Exercise materials Start Marker

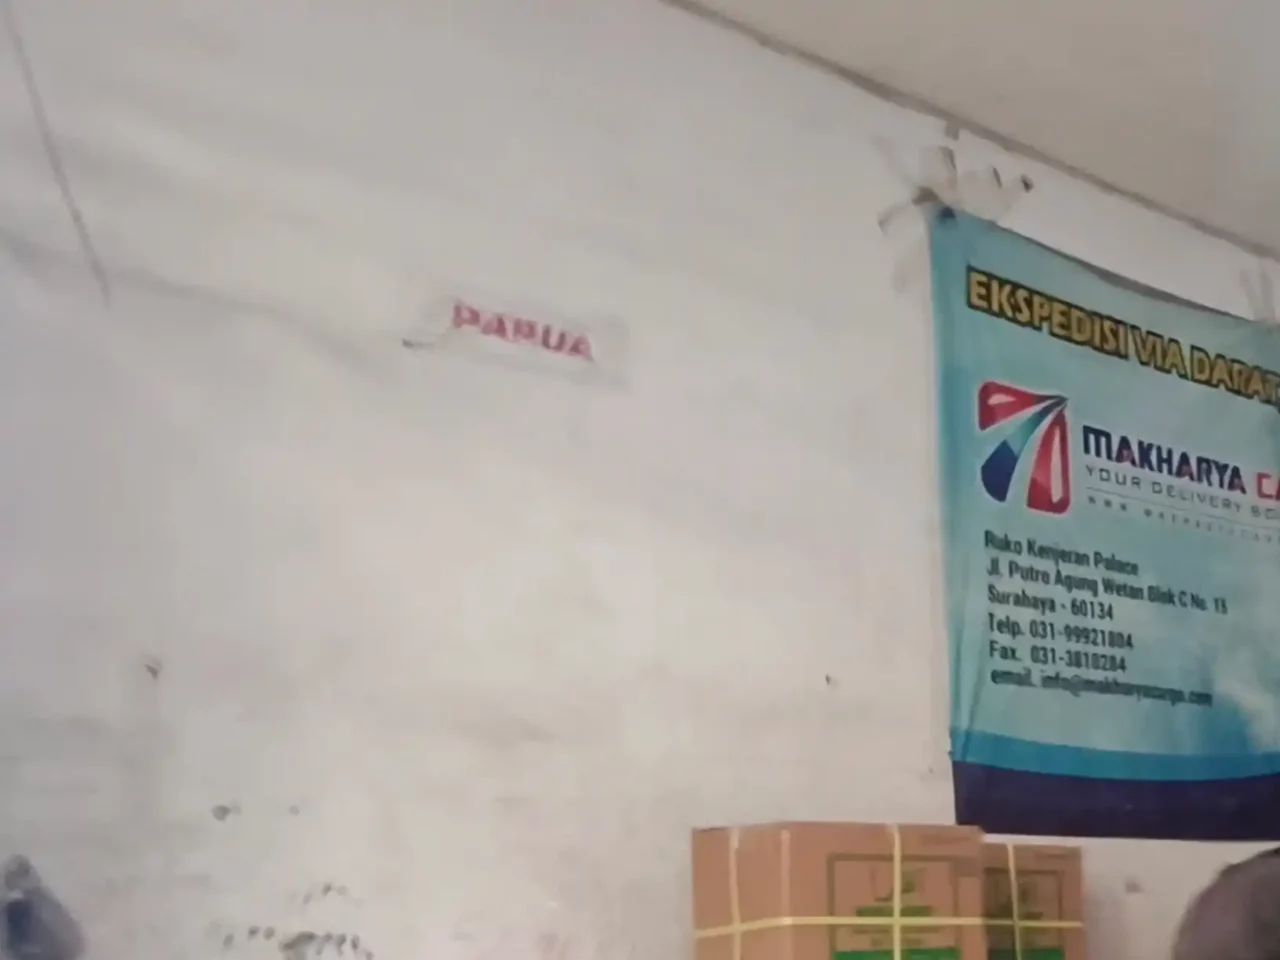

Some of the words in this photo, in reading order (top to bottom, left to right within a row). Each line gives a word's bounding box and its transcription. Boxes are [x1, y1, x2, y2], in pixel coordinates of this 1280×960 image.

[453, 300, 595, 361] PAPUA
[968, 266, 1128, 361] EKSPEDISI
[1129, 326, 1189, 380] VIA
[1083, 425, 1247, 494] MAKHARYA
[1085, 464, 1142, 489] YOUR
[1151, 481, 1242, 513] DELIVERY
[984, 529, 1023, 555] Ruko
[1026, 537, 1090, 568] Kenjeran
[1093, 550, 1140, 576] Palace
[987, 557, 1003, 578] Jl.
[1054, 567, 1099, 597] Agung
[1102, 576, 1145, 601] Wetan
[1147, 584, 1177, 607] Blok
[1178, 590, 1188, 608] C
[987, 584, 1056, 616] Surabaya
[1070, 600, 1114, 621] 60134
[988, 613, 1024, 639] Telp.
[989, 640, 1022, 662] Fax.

Exercise materials End Marker

Your task = In the copy, include no pictures, but repeat the listing exactly.

Reply =
Some of the words in this photo, in reading order (top to bottom, left to right within a row). Each line gives a word's bounding box and its transcription. Boxes are [x1, y1, x2, y2], in pixel coordinates of this 1280×960 image.

[453, 300, 595, 361] PAPUA
[968, 266, 1128, 361] EKSPEDISI
[1129, 326, 1189, 380] VIA
[1083, 425, 1247, 494] MAKHARYA
[1085, 464, 1142, 489] YOUR
[1151, 481, 1242, 513] DELIVERY
[984, 529, 1023, 555] Ruko
[1026, 537, 1090, 568] Kenjeran
[1093, 550, 1140, 576] Palace
[987, 557, 1003, 578] Jl.
[1054, 567, 1099, 597] Agung
[1102, 576, 1145, 601] Wetan
[1147, 584, 1177, 607] Blok
[1178, 590, 1188, 608] C
[987, 584, 1056, 616] Surabaya
[1070, 600, 1114, 621] 60134
[988, 613, 1024, 639] Telp.
[989, 640, 1022, 662] Fax.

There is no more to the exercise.